Старик с удовлетворением посмотрел ему вслед.
— Дошло все же до служивого. Выходит, не конченый человек. Сходи, доктор, прибыли…
Поповьянц выскочил из брички, помог слезть Саре и, пожимая руку старику, взволнованно сказал:
— Спасибо, дорогой товарищ! И сын твой молодец. Спасли вы нас.
— Не благодари, доктор. Ты мне сына вернул. Мы, простые люди, добра не забываем. — Старик тронул лошадь. — Прощевайте, люди хорошие. Дай вам Бог удачи!
Повозка давно скрылась за поворотом, а Рафаэль и Сара, все еще не веря чуду своего спасения, крепко обнявшись, стояли на месте. Из оцепенения их вывел послышавшийся издали цокот копыт. Они шарахнулись и затаились в глубокой воронке. Всадники промчались мимо. Просидев в яме дотемна, окончательно замерзшие, они бегом двинулись к Кулакову.
— Может, заглянем домой? — спросила Сара. — Потеплее бы одеться да еду захватить. Ведь уходим в неизвестность…
— Не стоит рисковать. Только Гришмановского следует известить.
Постучавшись в крайнюю хату, Поповьянц попросил хозяина сходить за моряком и передать, пусть придет за околицу.

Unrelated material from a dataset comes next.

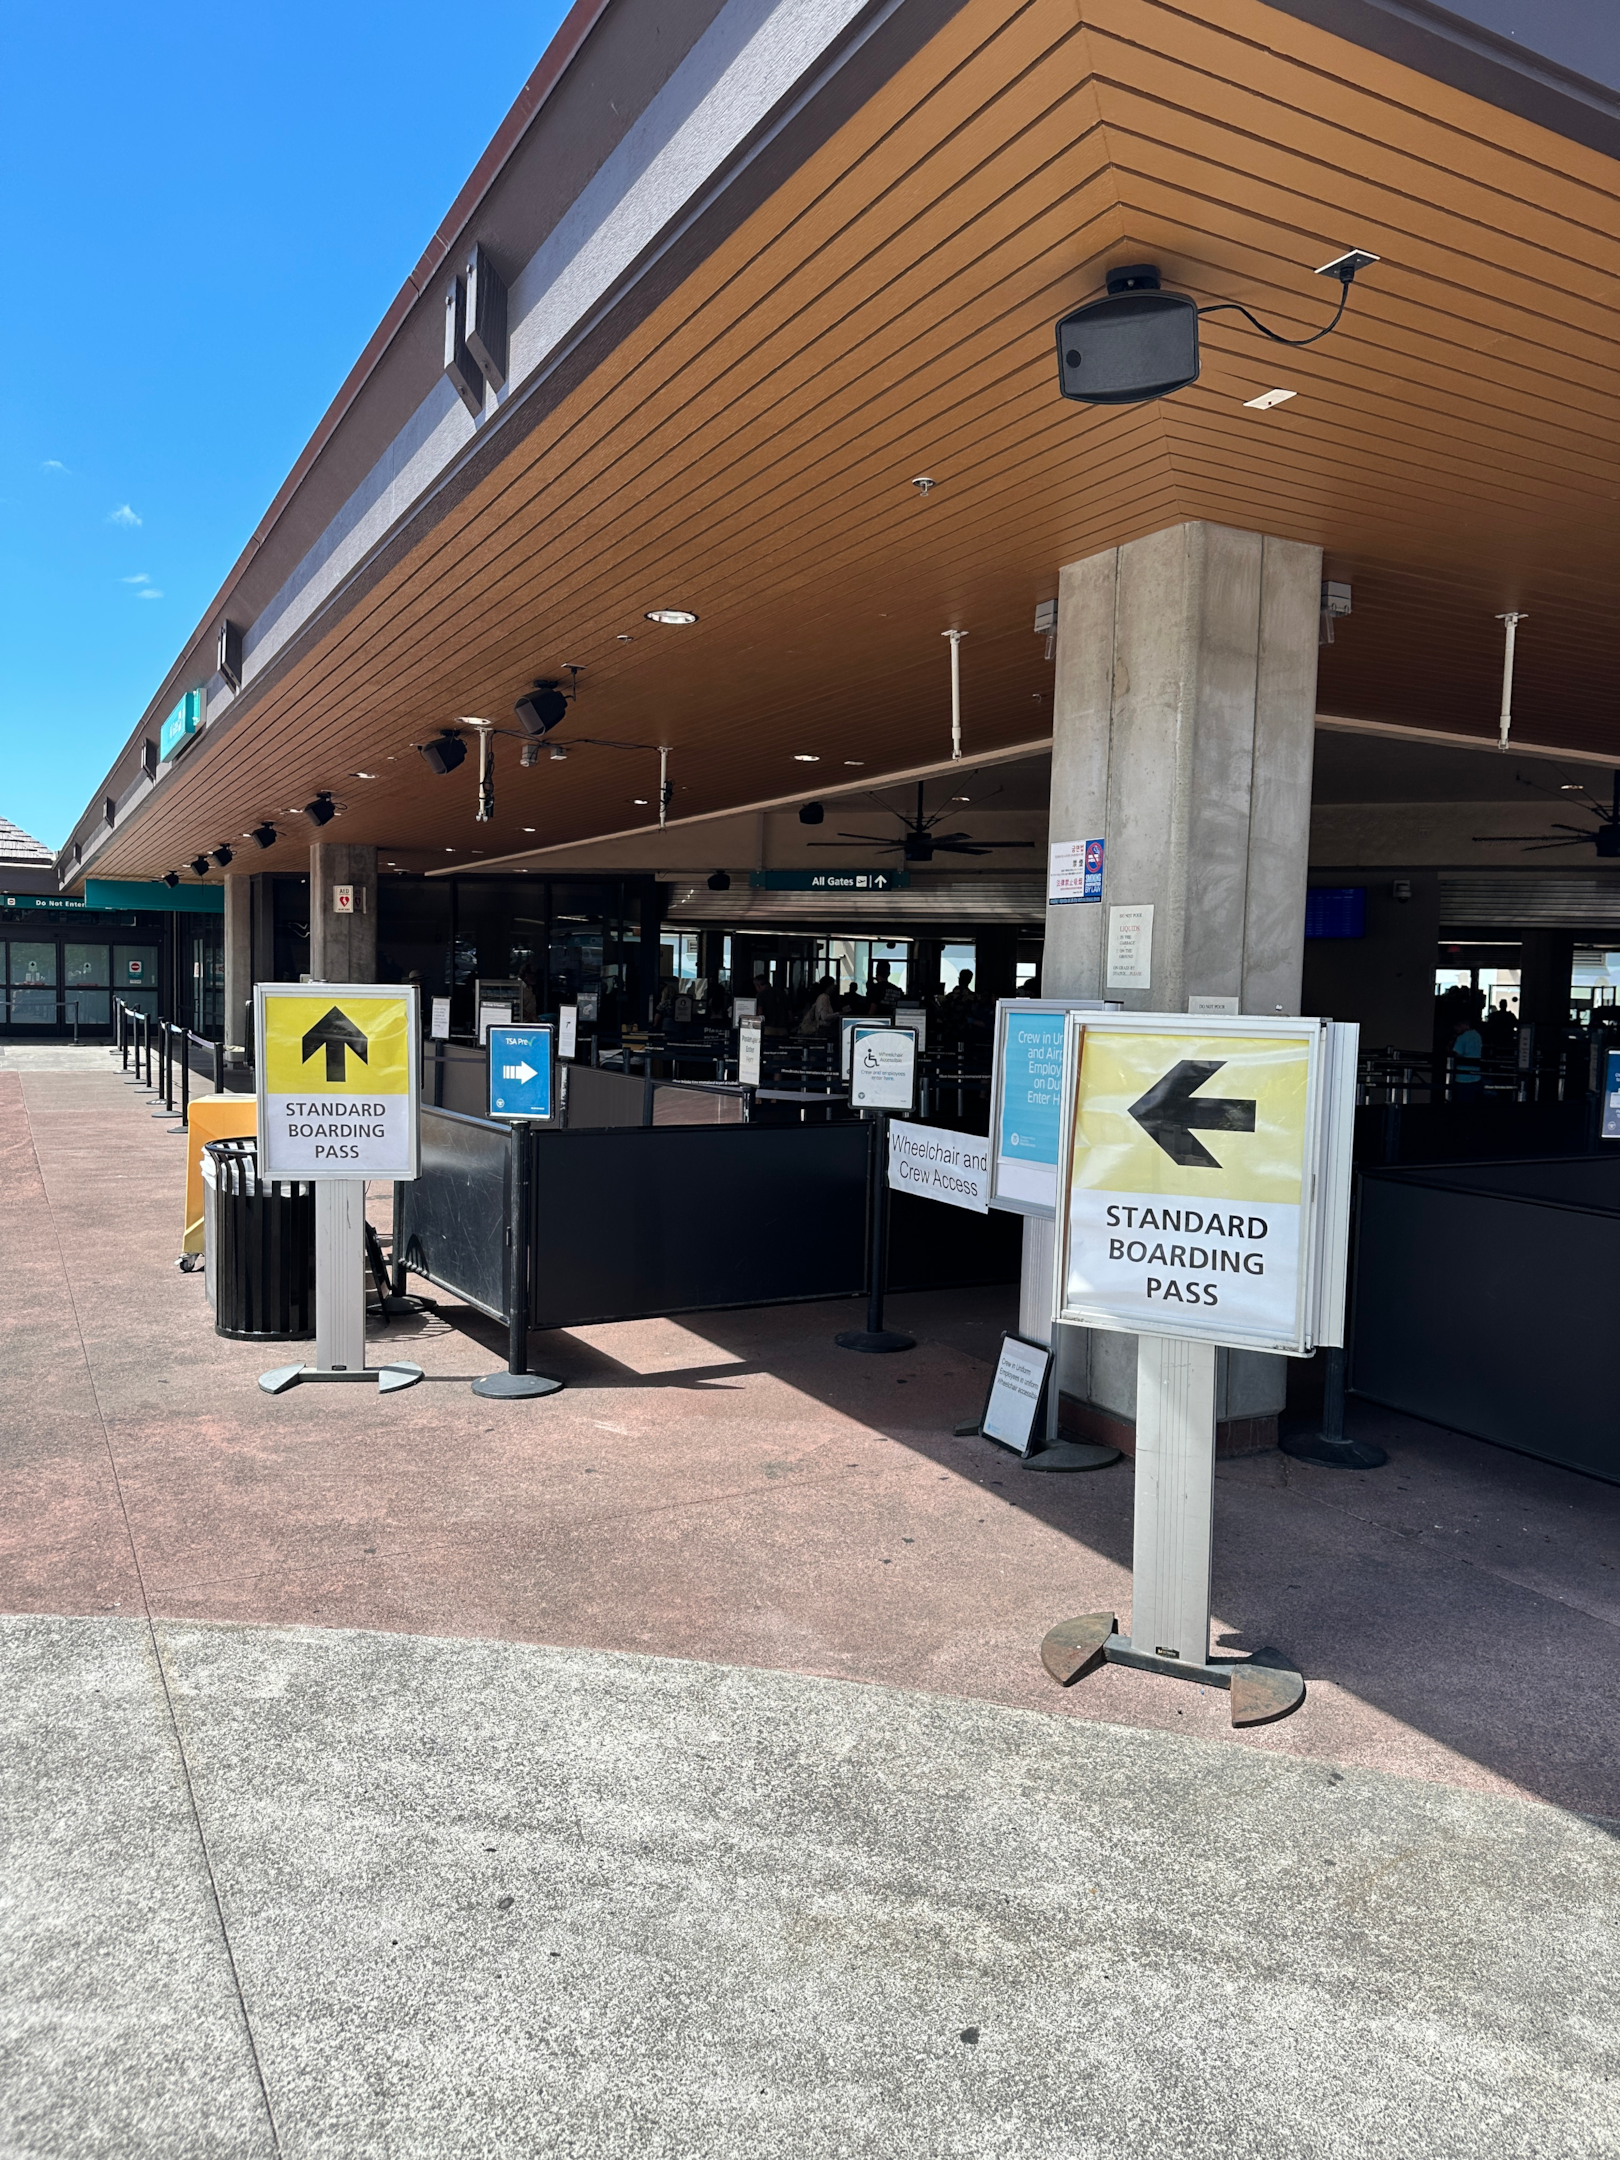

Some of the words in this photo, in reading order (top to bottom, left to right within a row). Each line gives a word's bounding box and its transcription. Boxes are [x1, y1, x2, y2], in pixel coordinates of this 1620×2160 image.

Гришмановский явился тотчас. Он обнял верного товарища и обрадованно воскликнул:
— Жив! Оба живы! Впрочем, я и не сомневался, что вас выручат.
— Кто?
— Вы разве не встретились? Я ведь по вашим следам Занозу послал с двумя хлопцами. Сказал, делайте что угодно, ребята, но без врача и фельдшера не возвращайтесь…
— Теперь догадываюсь, — отозвался Поповьянц, вспомнив всадников на дороге. — Мы-то их видели, да себя не обнаружили.
— Значит, расстаемся, — даже не спросил, а грустно констатировал Гришмановский.
— Если надо остаться…
— Ни в коем случае. Ни тебе, ни твоей красавице жене оставаться тут больше нельзя. Да и нужды особой нет. Вот возьми, — протянул он листок бумаги, — справку приготовил, пригодится.
— Что в ней?
— Справка как справка — так, мол, и так, работали такие-то в госпитале на территории, занятой врагом, где лечилось около двух тысяч раненых и больных.
— Неужто через наши руки прошло столько людей? — усомнился Поповьянц.
— Думаешь, преувеличиваю? Нисколько. Я ведь учет вел. Архив в тайнике держу… Если суммировать четыреста восемьдесят семь стационарных раненых и проходивших через село окруженцев, беженцев, местных — всех, кому оказывалась медицинская помощь, — еще больше наберется. Ну, будь! Береги Лиду!
Трое за околицей молча обнялись и расстались. Расстались, чтобы уже больше никогда не встретиться…
В полночь, обойдя село задами, Рафаэль и Сара выбрались в поле. Низко над деревьями висела луна, окруженная белым ореолом. В ее мерцающем свете отчетливо просматривалась посеребренная дорога. Двумя черными колеями она, змеясь, уходила по снежной белизне прямо к лесу.
На опушке оба остановились, обернувшись, долго смотрели на село, где прошло два с лишним месяца нелегкой жизни. В ней, в этой жизни, были страдания и горе, в ней были свои радости, маленькие и большие профессиональные победы; был труд, каждодневный, изнуряющий. И была любовь, вспыхнувшая, как пламя, и давшая двоим молодым людям возможность полнее ощутить смысл жизни… Однако впереди их ждала неизвестность — полная опасности и тревог зима первого военного года.
— До свидания, Кучаково, — прошептала Сара. — Когда-нибудь мы вернемся сюда. Если будем, конечно, живы!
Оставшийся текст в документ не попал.